An Aberdeen oil executive convicted of bribing officials in war-torn Iraq to land lucrative contracts has had his sentencing deferred after he took ill.
Stephen Whiteley was found guilty last week following a four-year investigation by the Serious Fraud Office.
The 64-year-old, who was vice-president of SBM Offshore and Unaoil’s territory manager for Iraq, and his colleague Ziad Akle paid out £400,000 in bribes to secure more than £43million of work.
His sentence has now been postponed to Monday, after he collapsed at home this morning.
However Judge Martin Beddoe has jailed his co-conspirator Akle for five years.
The former manager at Unaoil, a Monaco-based oil consulting firm, was told: “You didn’t sell your intelligence, your experience and your soul lightly.”
A third defendant, Paul Bond, will face a retrial in January after jurors were unable to reach a verdict on bribery charges.

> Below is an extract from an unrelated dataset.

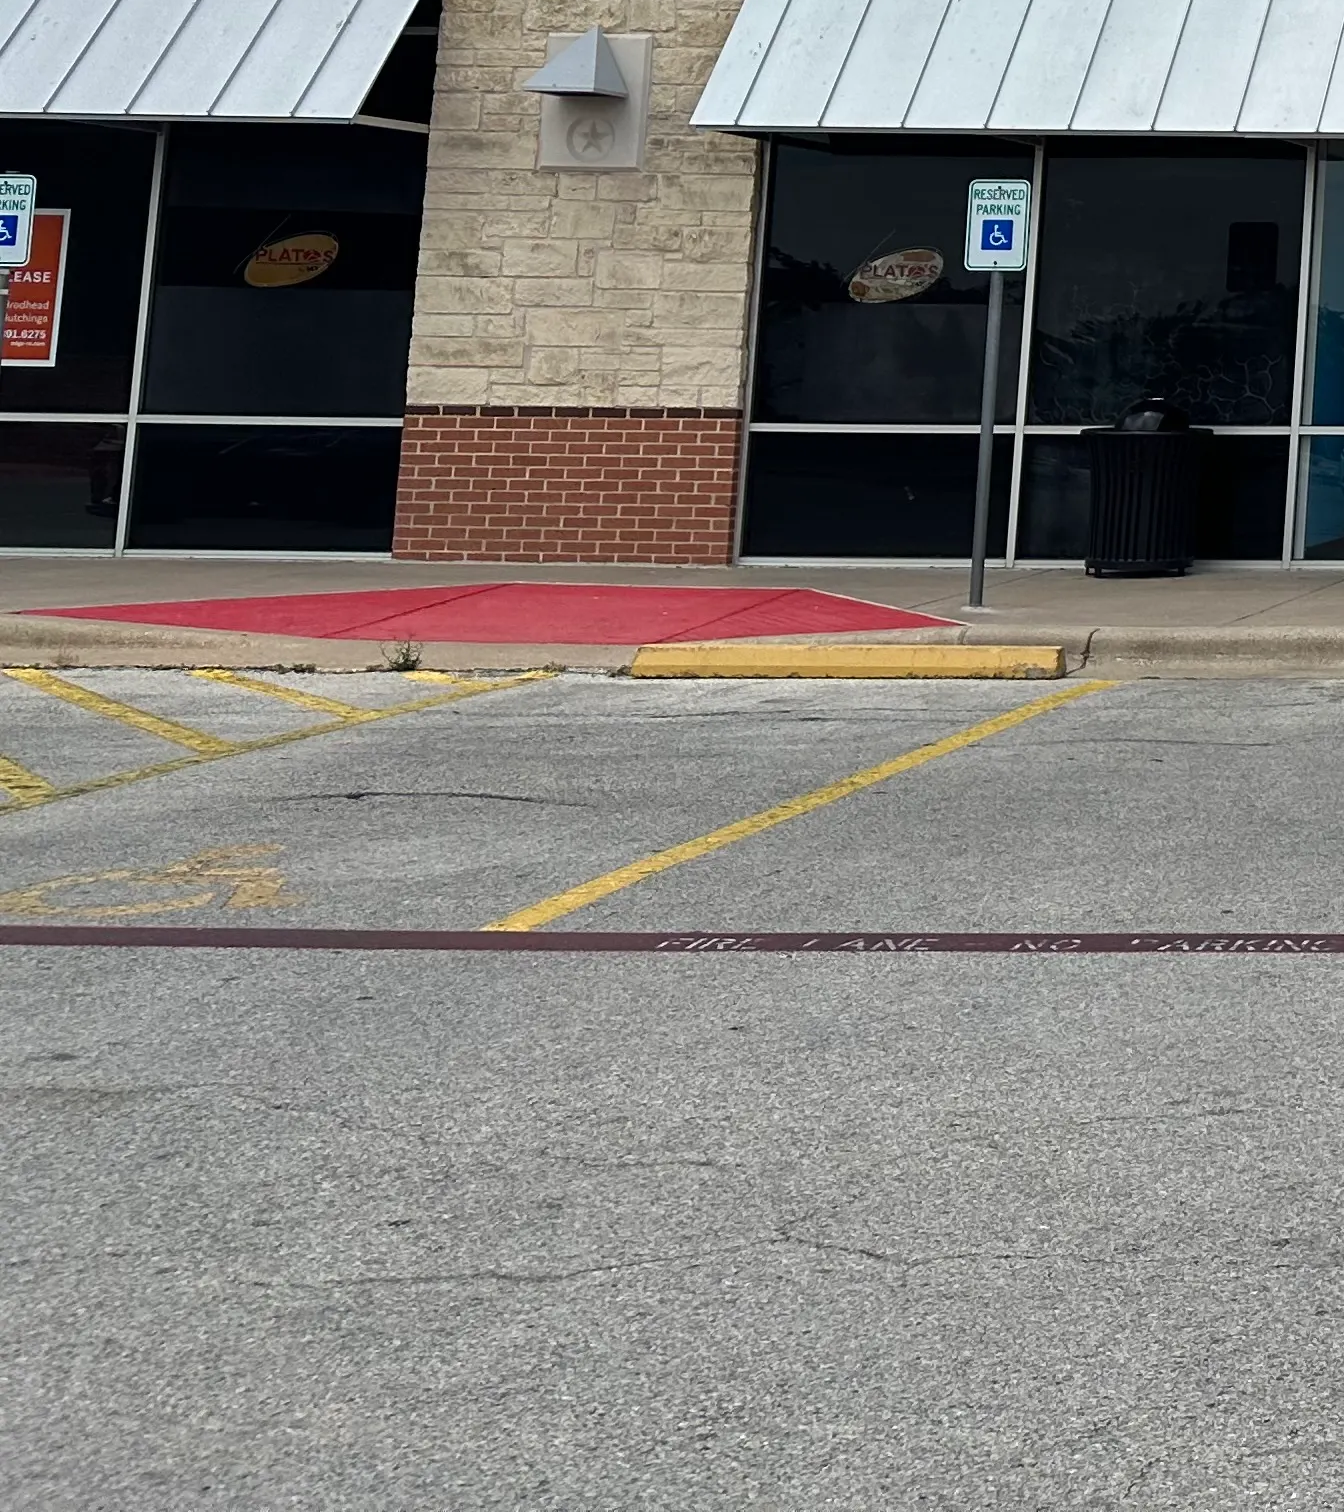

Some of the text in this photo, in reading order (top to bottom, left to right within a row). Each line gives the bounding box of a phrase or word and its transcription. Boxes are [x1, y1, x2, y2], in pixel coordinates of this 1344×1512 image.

Akle’s counsel, Jim Sturman QC, had pressed for a suspended sentence, telling the judge that his client was an otherwise “respectable and honorable member of society” who had joined a company founded by a childhood friend.
Whiteley and Akle paid out £400,000 in bribes to secure more than £43million of work.
Co-conspirator Basil Al Jarah previously admitted his part in the scam last July – accepting he had paid bribes worth more than £4.7million to secure contracts worth over £630million for the supply of oil pipelines and offshore mooring buoys.
The company’s former chief executive, Cyrus Ahsani, and chief operating officer, Saman Ahsani, face up to five years in prison after they admitted criminal charges in the US in 2019.